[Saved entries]
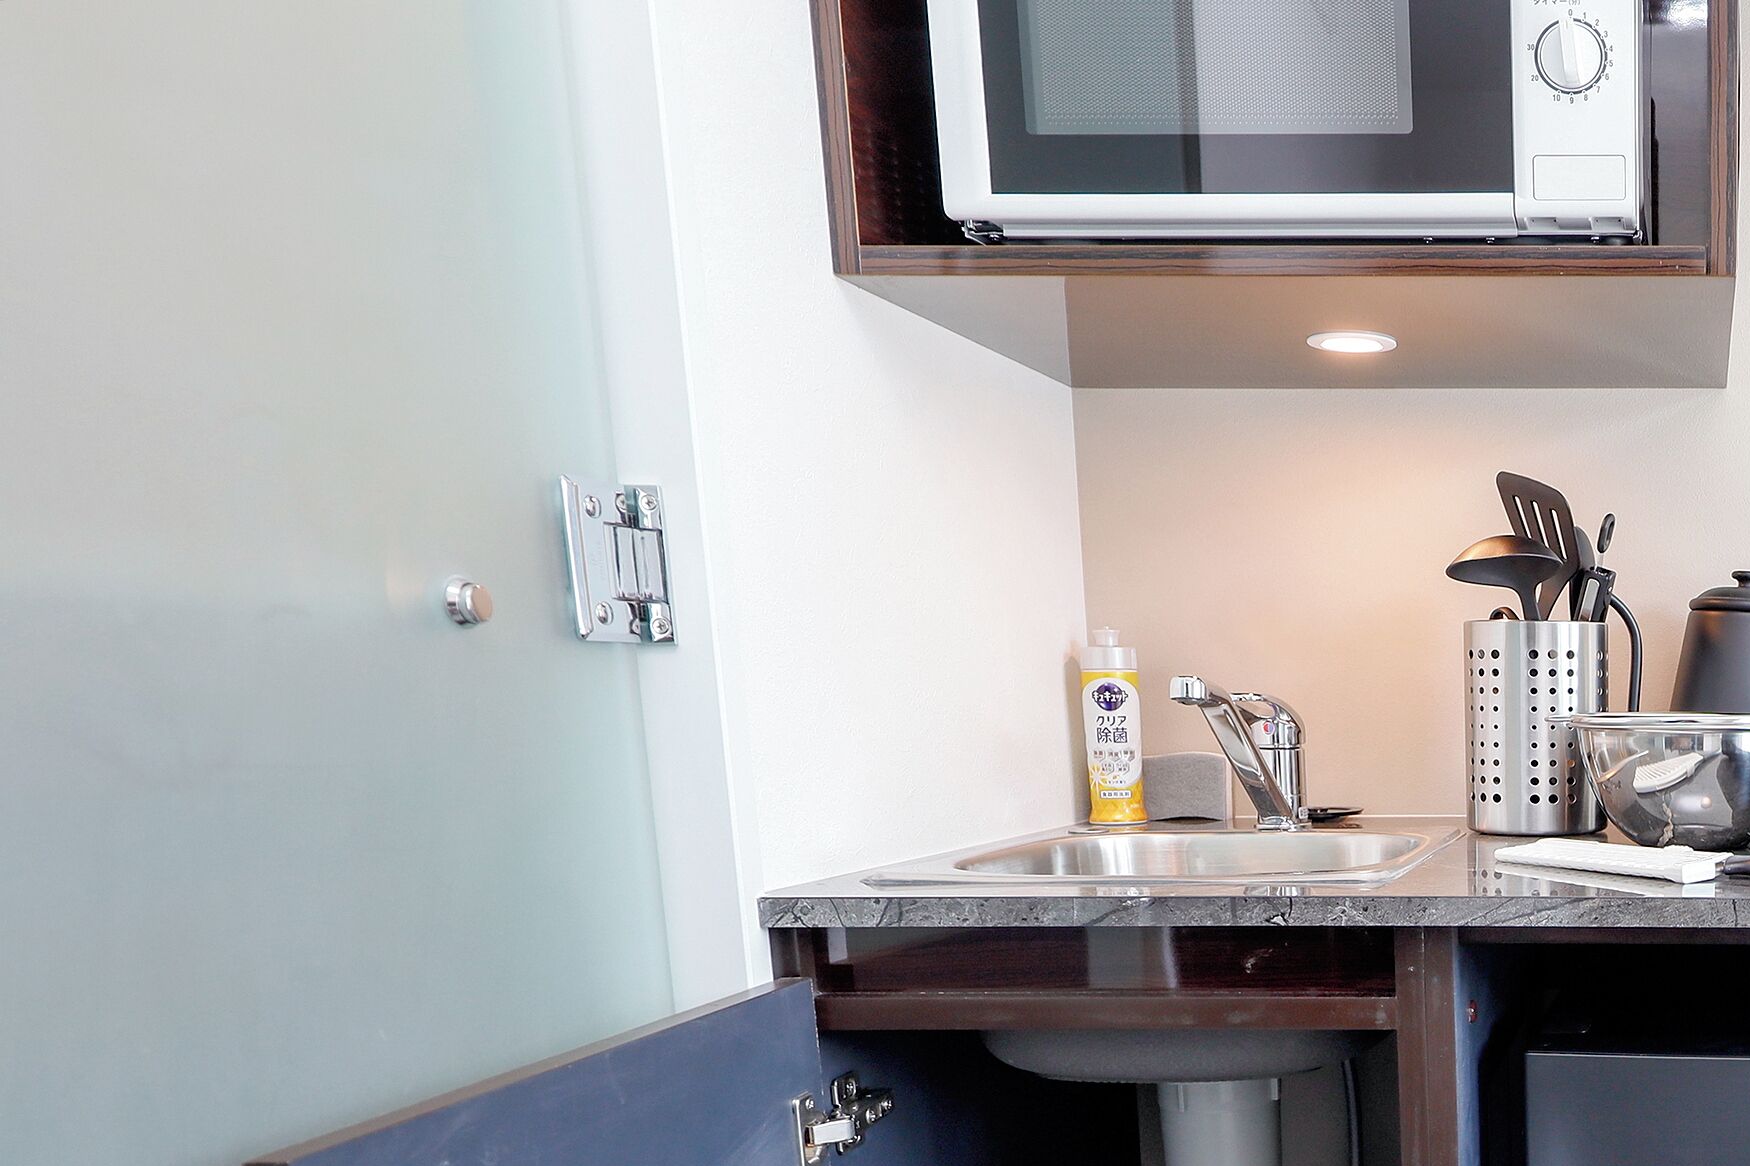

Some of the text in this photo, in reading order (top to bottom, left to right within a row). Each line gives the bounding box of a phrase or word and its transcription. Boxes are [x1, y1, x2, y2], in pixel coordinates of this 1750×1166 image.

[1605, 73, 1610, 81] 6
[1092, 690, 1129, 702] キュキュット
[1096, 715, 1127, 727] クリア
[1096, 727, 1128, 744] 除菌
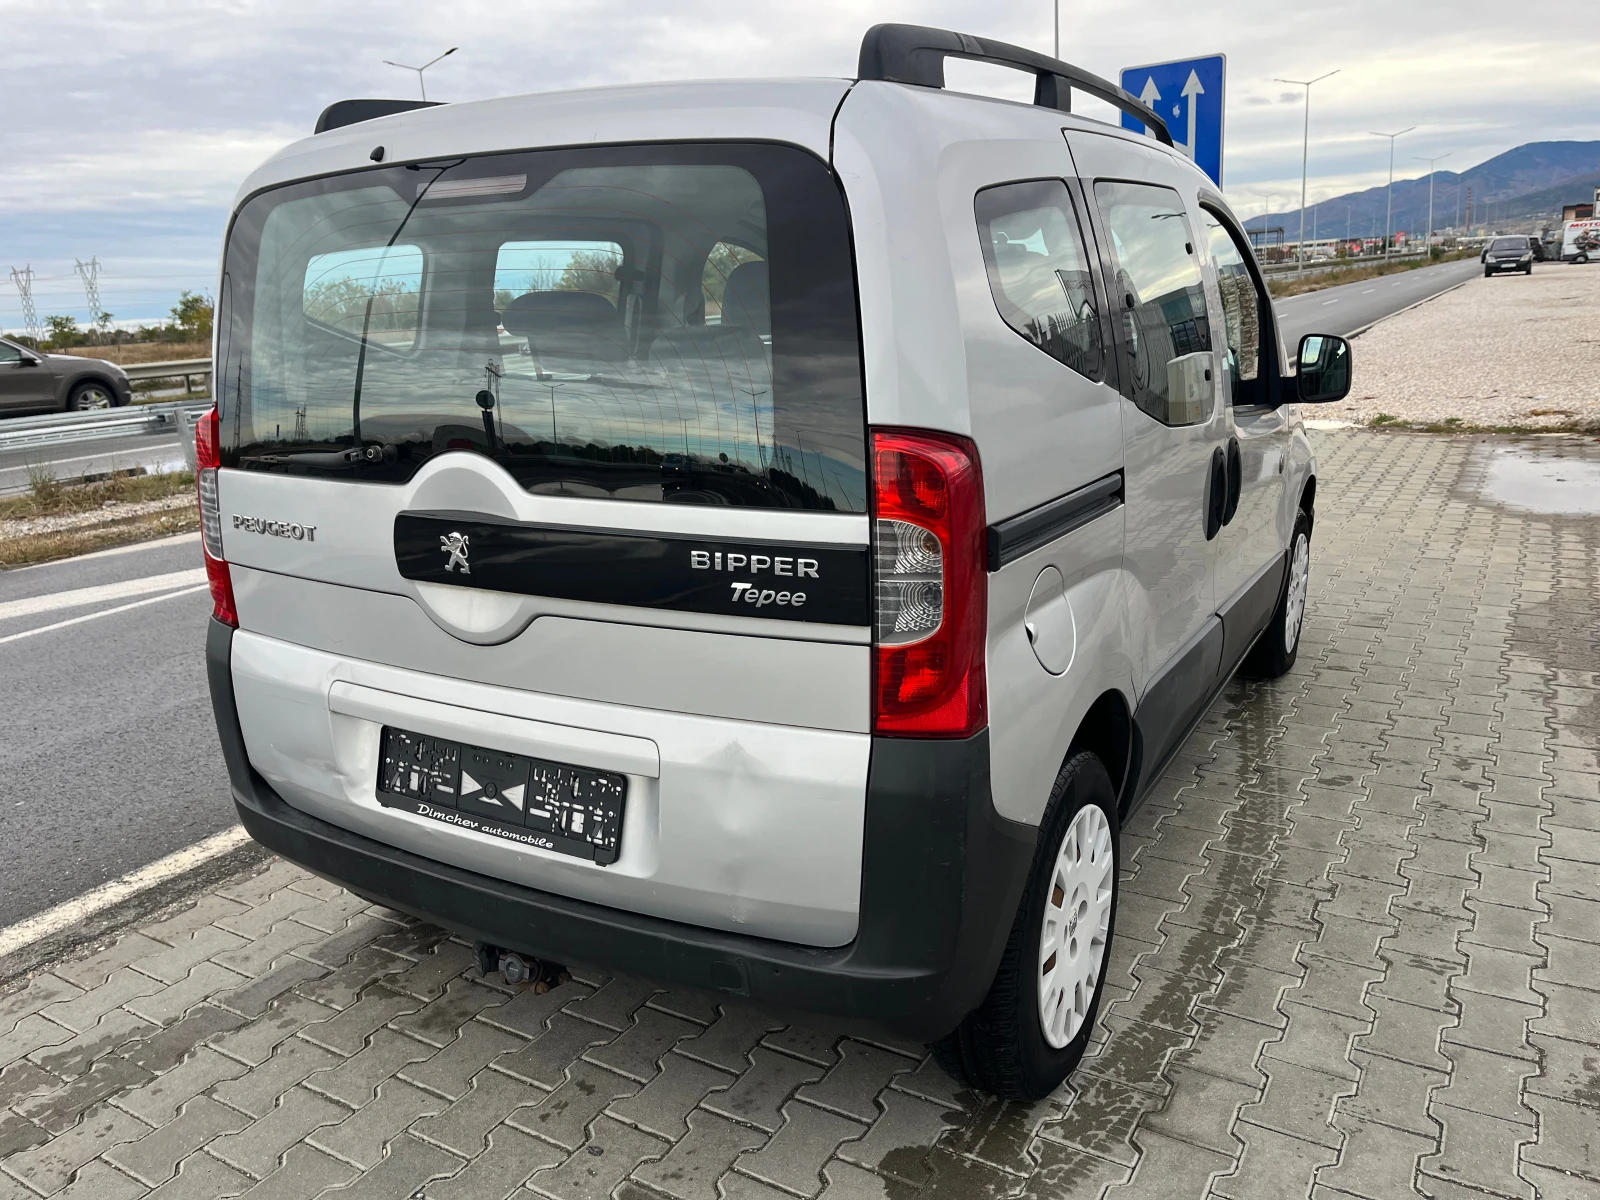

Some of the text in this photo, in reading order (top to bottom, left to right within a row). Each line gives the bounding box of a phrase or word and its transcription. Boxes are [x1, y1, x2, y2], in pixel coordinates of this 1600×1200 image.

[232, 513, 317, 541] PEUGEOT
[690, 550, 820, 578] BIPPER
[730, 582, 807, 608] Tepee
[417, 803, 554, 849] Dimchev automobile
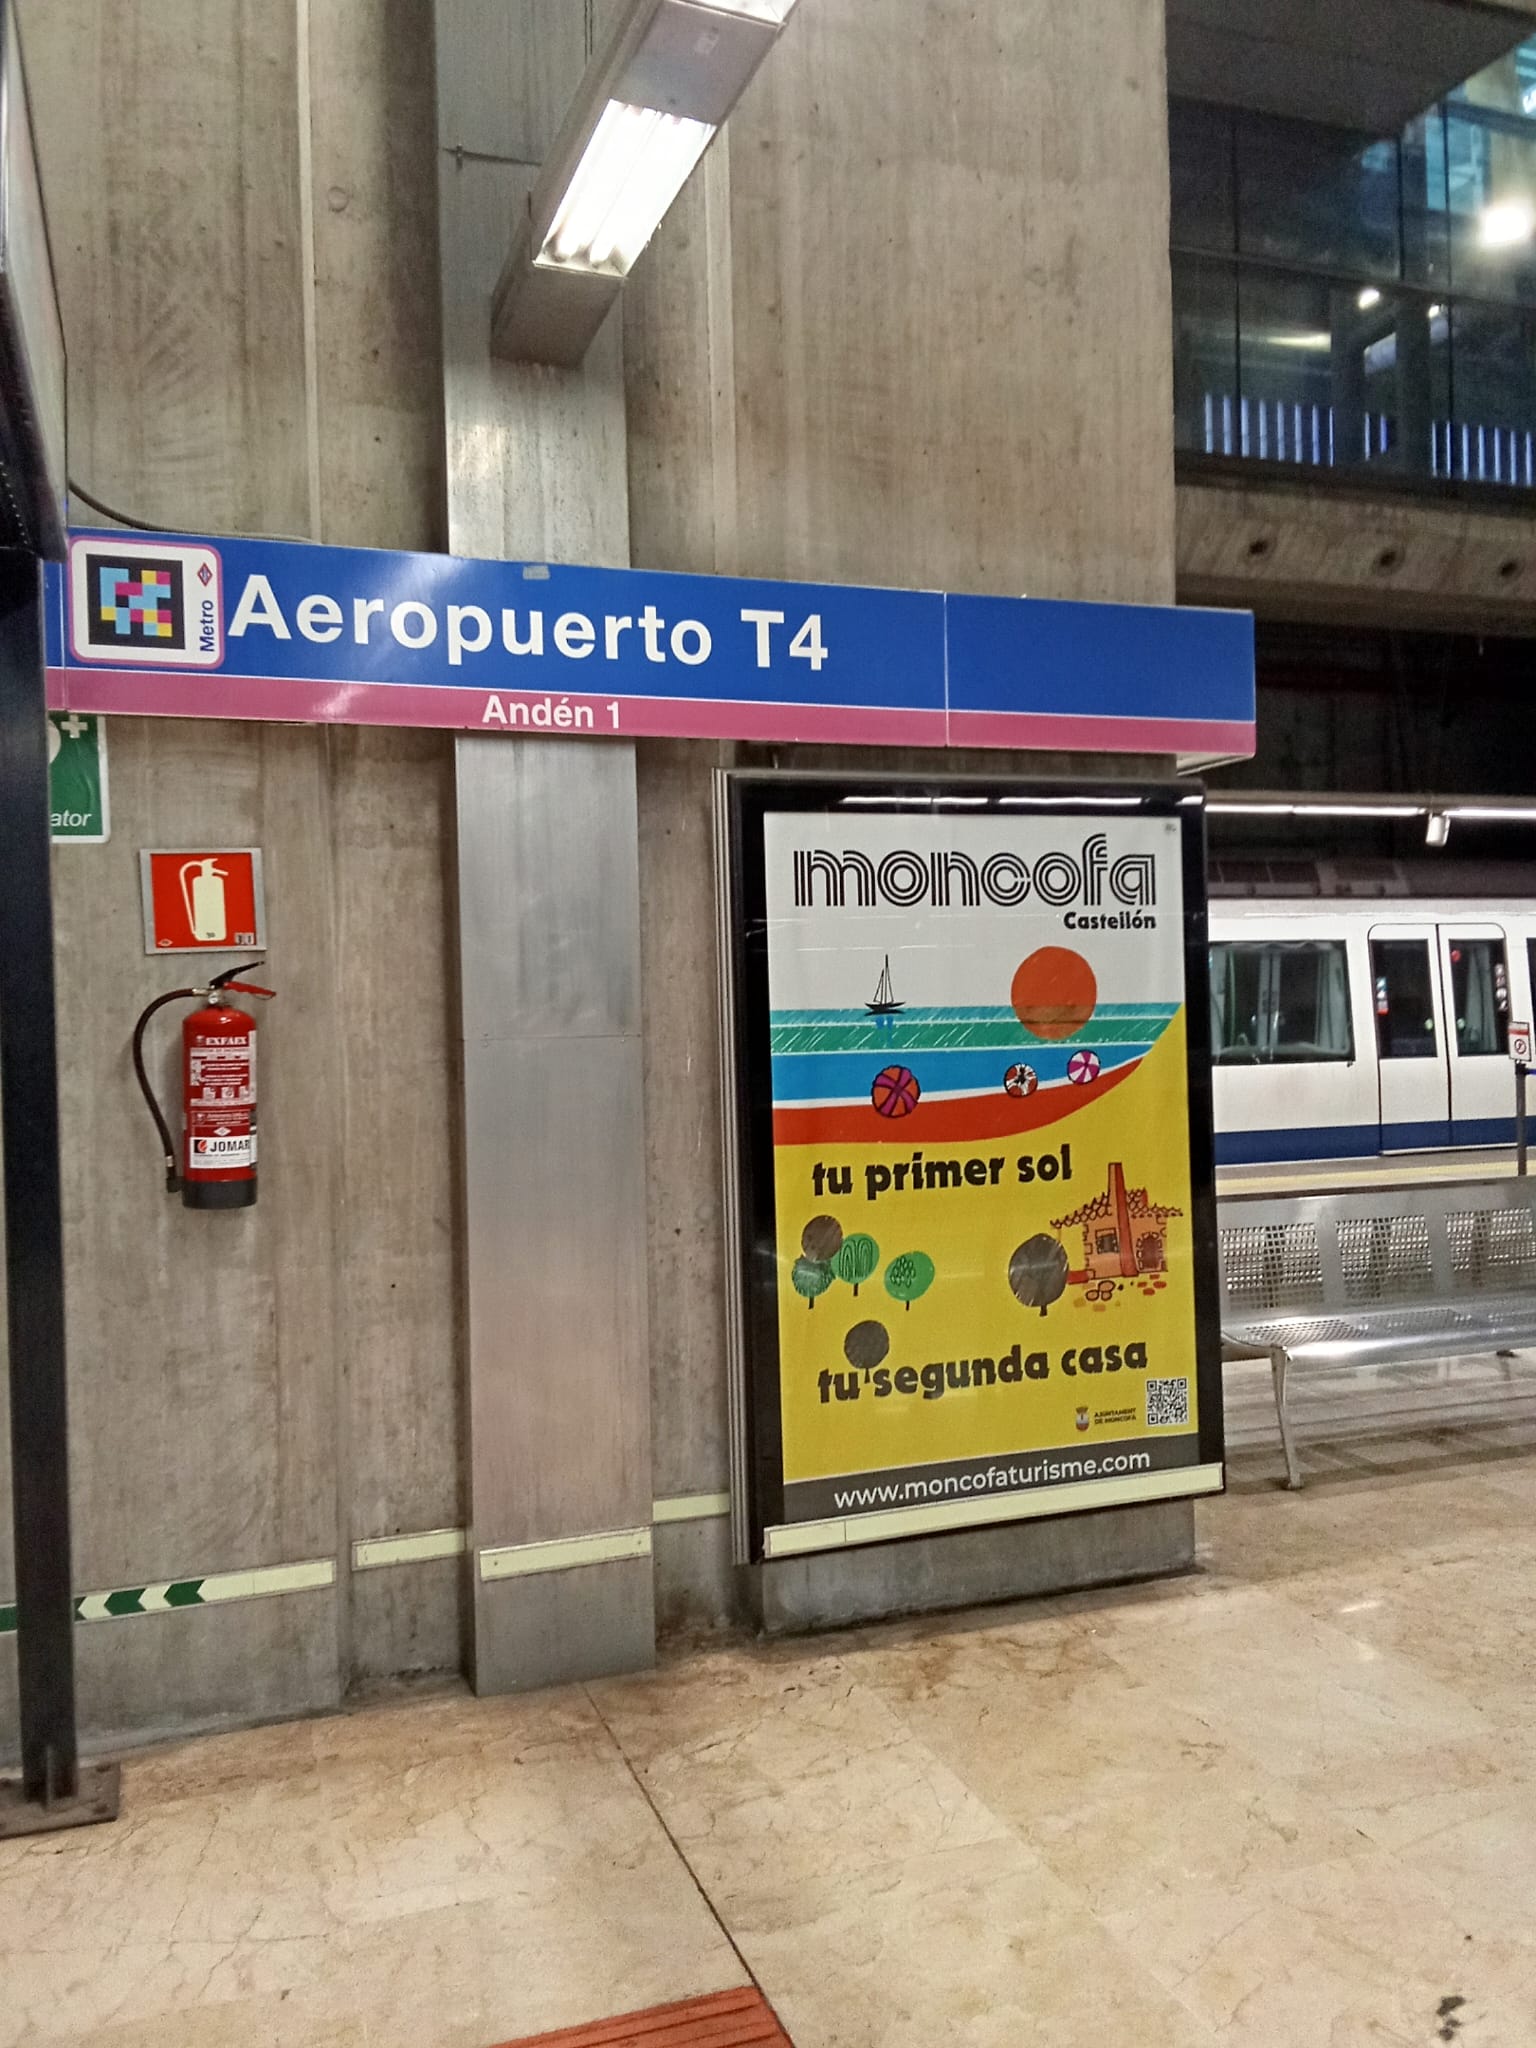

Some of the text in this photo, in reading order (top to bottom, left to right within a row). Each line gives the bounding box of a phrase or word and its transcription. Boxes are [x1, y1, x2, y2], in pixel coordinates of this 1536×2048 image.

**Assignment:**
Output each line of the records exactly. Any picture is skipped.

**Answer to this task:**
Some of the text in this photo, in reading order (top to bottom, left to right within a row). Each line gives the bounding box of a phrase or word and its transcription. Boxes are [x1, y1, x2, y2], in pixel coordinates of this 1750×1166 image.

[1605, 73, 1610, 81] 6
[1092, 690, 1129, 702] キュキュット
[1096, 715, 1127, 727] クリア
[1096, 727, 1128, 744] 除菌

Some of the text in this photo, in reading order (top to bottom, left to right within a row). Each line gives the bounding box of a phrase or word and its transcription. Boxes are [x1, y1, x2, y2], in pixel coordinates of this 1600×1200 image.

[232, 513, 317, 541] PEUGEOT
[690, 550, 820, 578] BIPPER
[730, 582, 807, 608] Tepee
[417, 803, 554, 849] Dimchev automobile

Some of the text in this photo, in reading order (top to bottom, left to right within a row). Each line gives the bounding box of a phrase or word and its transcription. Boxes are [x1, y1, x2, y2], in pixel coordinates of this 1536×2048 image.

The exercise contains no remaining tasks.